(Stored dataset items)
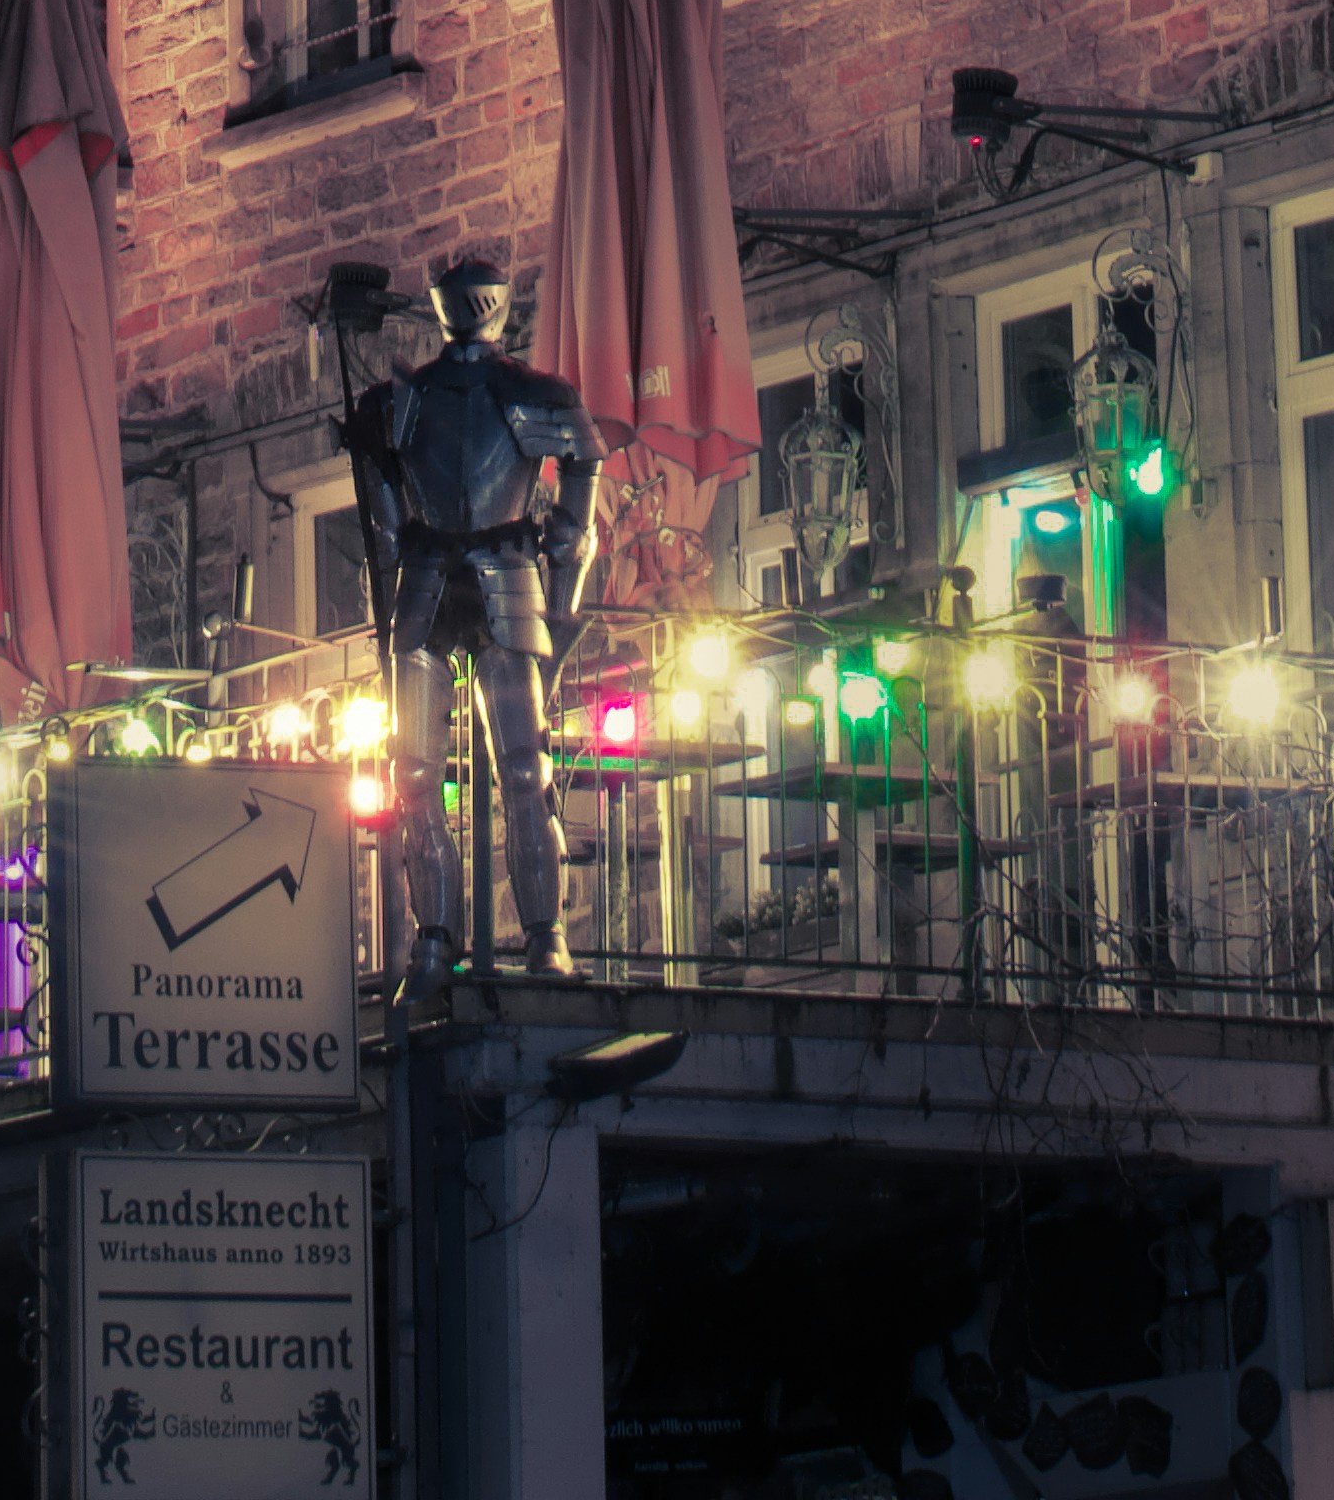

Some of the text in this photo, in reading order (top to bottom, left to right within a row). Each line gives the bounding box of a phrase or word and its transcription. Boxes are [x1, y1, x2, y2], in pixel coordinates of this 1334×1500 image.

[131, 963, 304, 1000] Panorama
[92, 1011, 340, 1073] Terrasse
[99, 1188, 350, 1229] Landsknecht
[98, 1240, 353, 1267] Wirtshaus anno 1893
[101, 1322, 354, 1371] Restaurant
[220, 1380, 234, 1404] &
[162, 1414, 293, 1439] Gästezimmer

• _WHAT IS BEING ASKED_
When pictures appear among the entries, skip them and copy all remaining text precisely.

• _REPLY TO THE EXERCISE_
Some of the text in this photo, in reading order (top to bottom, left to right within a row). Each line gives the bounding box of a phrase or word and its transcription. Boxes are [x1, y1, x2, y2], in pixel coordinates of this 1334×1500 image.

[131, 963, 304, 1000] Panorama
[92, 1011, 340, 1073] Terrasse
[99, 1188, 350, 1229] Landsknecht
[98, 1240, 353, 1267] Wirtshaus anno 1893
[101, 1322, 354, 1371] Restaurant
[220, 1380, 234, 1404] &
[162, 1414, 293, 1439] Gästezimmer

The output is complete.